THE SUPREME COURT OF THE STATE OF ALASKA
GREAT AMERICAN INSURANCE )
COMPANY, Subrogee of ) Supreme Court No. S-6368
DIONISIOS MARUDAS and )
ATHINA MARUDAS, d/b/a PIZZA ) Superior Court No.
OLYMPIA, ) 3AN-92-4065 Civil
)
Appellants, )
)
v. ) O P I N I O N
)
BAR CLUB, INC., d/b/a ) [No. 4373 - July 26, 1996]
THE BUCKAROO CLUB, )
)
Appellee. )
)
Appeal from the Superior Court of the State of
Alaska, Third Judicial District, Anchorage,
Mark C. Rowland, Judge.
Appearances: Robert L. Griffin, Law Offices
of Mason & Griffin, Anchorage, for Appellants.
A. Robert Hahn, Anchorage, and John R.
Strachan, Anchorage, for Appellees.
Before: Rabinowitz, Matthews, Compton and
Eastaugh, Justices. [Moore, Chief Justice, not
participating.]
COMPTON, Justice.
MATTHEWS, Justice, concurring.
I. INTRODUCTION
Pizza Olympia rented a portion of a building from the Bar
Club, d/b/a/ Buckaroo Club, which did business in the remainder of
the building. A fire damaged both portions of the building. After
paying Pizza Olympia's claim, Great American Insurance Company, its
insurer, brought a subrogation action against the Bar Club,
alleging that its negligence caused the fire and Pizza Olympia's
losses. The Bar Club successfully moved for summary judgment,
prevailing on the theory that it was an implied co-insured under
Pizza Olympia's fire insurance policy, and therefore not liable in
subrogation. Great American Insurance appeals. We reverse.
II. FACTS AND PROCEEDINGS
Pizza Olympia rented a portion of a building from the Bar
Club, Inc., which occupied the other part of the building. The
lease contained a clause obligating Pizza Olympia to name the Bar
Club as a co-insured in all "liability insurance policies
pertaining to the premises." Pizza Olympia obtained an insurance
policy from Great American Insurance Company. The policy contained
an endorsement modifying the "Commercial General Liability Coverage
Part"by naming the Bar Club as an additional insured, "but only
with respect to liability arising out of the ownership, maintenance
or use of that part of the premises leased to"Pizza Olympia. The
Bar Club was not named as an additional insured under the fire
insurance portion of the policy. Pizza Olympia annually provided
the Bar Club with a copy of the policy.
In 1991 a fire damaged the entire building. The Bar Club
and Pizza Olympia each individually settled with their respective
insurance companies. Great American then brought a subrogation
action against the Bar Club, alleging that its negligence caused
the fire and Pizza Olympia's losses.
The superior court held that Alaska Ins. Co. v. RCA
Alaska Communications, Inc., 623 P.2d 1216 (Alaska 1981), mandated
summary judgment in favor of the Bar Club. Specifically, the court
concluded that because RCA had held that a landlord's insurer could
not sue a tenant for fire damage due to that tenant's negligence,
"general principles of equity and fundamental fairness . . . would
preclude the tenant's insurer from suing the landlord . . . ."

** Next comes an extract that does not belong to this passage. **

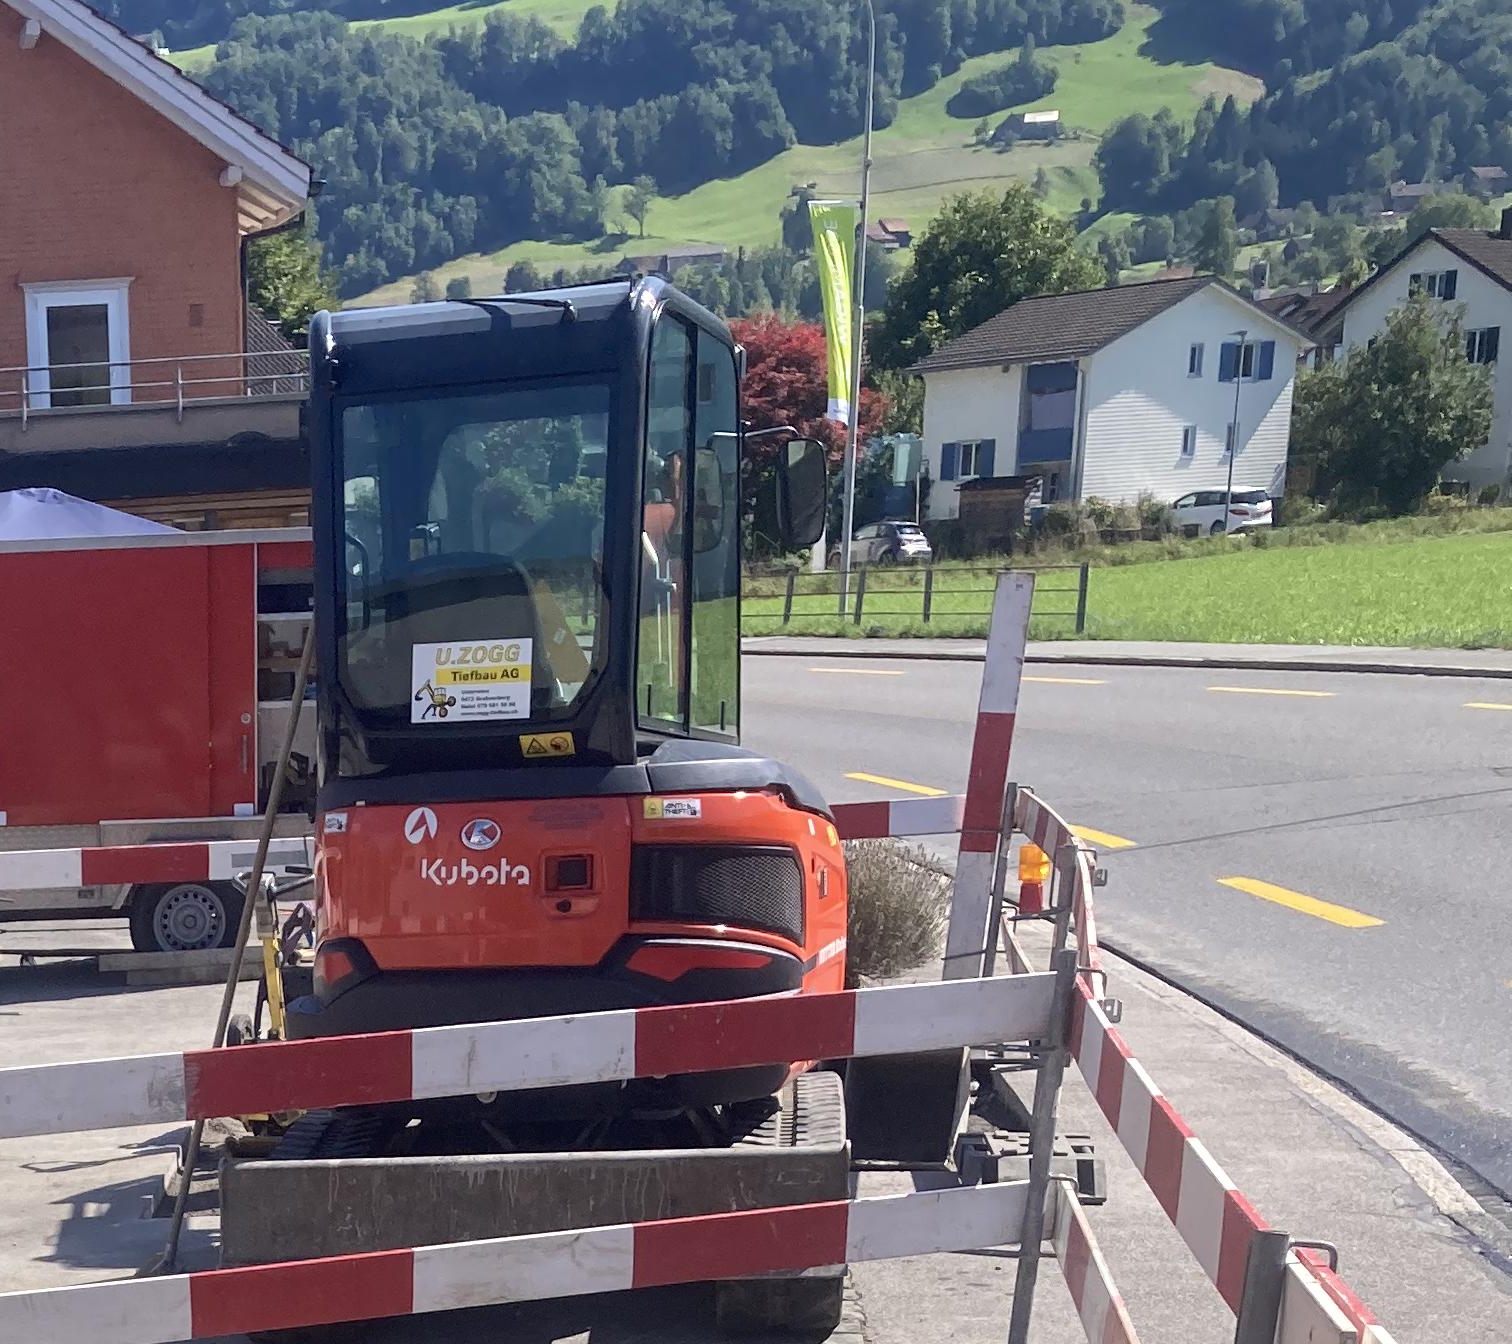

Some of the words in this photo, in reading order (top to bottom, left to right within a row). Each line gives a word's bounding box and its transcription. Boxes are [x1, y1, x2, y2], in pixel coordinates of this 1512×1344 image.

Great American Insurance appeals.
III. DISCUSSION
A. Standard of Review
Summary judgment will be affirmed if there are no genuine
issues of material fact and if the moving party is entitled to
judgment as a matter of law. In re Estate of Evans, 901 P.2d 1138,
1140 (Alaska 1995). On questions of law, we are not constrained by
the superior court's decision, but instead "adopt the rule of law
that is most persuasive in light of precedent, reason, and policy."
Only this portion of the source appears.